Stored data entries

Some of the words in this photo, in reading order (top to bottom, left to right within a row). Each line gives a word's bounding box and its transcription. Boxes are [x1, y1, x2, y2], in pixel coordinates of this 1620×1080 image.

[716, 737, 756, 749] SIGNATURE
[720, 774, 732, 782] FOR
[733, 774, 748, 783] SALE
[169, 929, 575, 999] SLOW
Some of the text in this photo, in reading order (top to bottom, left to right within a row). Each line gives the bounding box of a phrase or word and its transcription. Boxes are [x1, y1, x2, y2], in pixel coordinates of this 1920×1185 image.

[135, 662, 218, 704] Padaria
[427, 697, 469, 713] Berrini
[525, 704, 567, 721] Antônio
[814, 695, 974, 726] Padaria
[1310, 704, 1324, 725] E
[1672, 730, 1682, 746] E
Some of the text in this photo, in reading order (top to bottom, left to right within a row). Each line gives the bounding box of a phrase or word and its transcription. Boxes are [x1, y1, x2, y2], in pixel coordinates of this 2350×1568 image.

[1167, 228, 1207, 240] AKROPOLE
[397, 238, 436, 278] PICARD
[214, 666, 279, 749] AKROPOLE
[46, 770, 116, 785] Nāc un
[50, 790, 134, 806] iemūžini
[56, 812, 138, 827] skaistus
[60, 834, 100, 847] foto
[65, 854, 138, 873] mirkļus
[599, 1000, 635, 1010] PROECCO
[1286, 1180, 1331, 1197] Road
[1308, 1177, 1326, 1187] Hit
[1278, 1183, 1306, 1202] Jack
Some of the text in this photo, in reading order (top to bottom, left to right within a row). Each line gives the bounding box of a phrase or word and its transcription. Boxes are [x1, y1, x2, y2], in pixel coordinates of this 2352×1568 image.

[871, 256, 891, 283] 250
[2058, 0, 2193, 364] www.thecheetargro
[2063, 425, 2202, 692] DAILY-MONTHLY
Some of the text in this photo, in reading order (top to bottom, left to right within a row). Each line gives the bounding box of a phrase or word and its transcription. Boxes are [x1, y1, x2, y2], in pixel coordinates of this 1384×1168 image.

Task description: Restate each record word for word.

Solution to this exercise:
Some of the words in this photo, in reading order (top to bottom, left to right within a row). Each line gives a word's bounding box and its transcription. Boxes are [x1, y1, x2, y2], in pixel coordinates of this 1620×1080 image.

[716, 737, 756, 749] SIGNATURE
[720, 774, 732, 782] FOR
[733, 774, 748, 783] SALE
[169, 929, 575, 999] SLOW
Some of the text in this photo, in reading order (top to bottom, left to right within a row). Each line gives the bounding box of a phrase or word and its transcription. Boxes are [x1, y1, x2, y2], in pixel coordinates of this 1920×1185 image.

[135, 662, 218, 704] Padaria
[427, 697, 469, 713] Berrini
[525, 704, 567, 721] Antônio
[814, 695, 974, 726] Padaria
[1310, 704, 1324, 725] E
[1672, 730, 1682, 746] E
Some of the text in this photo, in reading order (top to bottom, left to right within a row). Each line gives the bounding box of a phrase or word and its transcription. Boxes are [x1, y1, x2, y2], in pixel coordinates of this 2350×1568 image.

[1167, 228, 1207, 240] AKROPOLE
[397, 238, 436, 278] PICARD
[214, 666, 279, 749] AKROPOLE
[46, 770, 116, 785] Nāc un
[50, 790, 134, 806] iemūžini
[56, 812, 138, 827] skaistus
[60, 834, 100, 847] foto
[65, 854, 138, 873] mirkļus
[599, 1000, 635, 1010] PROECCO
[1286, 1180, 1331, 1197] Road
[1308, 1177, 1326, 1187] Hit
[1278, 1183, 1306, 1202] Jack
Some of the text in this photo, in reading order (top to bottom, left to right within a row). Each line gives the bounding box of a phrase or word and its transcription. Boxes are [x1, y1, x2, y2], in pixel coordinates of this 2352×1568 image.

[871, 256, 891, 283] 250
[2058, 0, 2193, 364] www.thecheetargro
[2063, 425, 2202, 692] DAILY-MONTHLY
Some of the text in this photo, in reading order (top to bottom, left to right within a row). Each line gives the bounding box of a phrase or word and its transcription. Boxes are [x1, y1, x2, y2], in pixel coordinates of this 1384×1168 image.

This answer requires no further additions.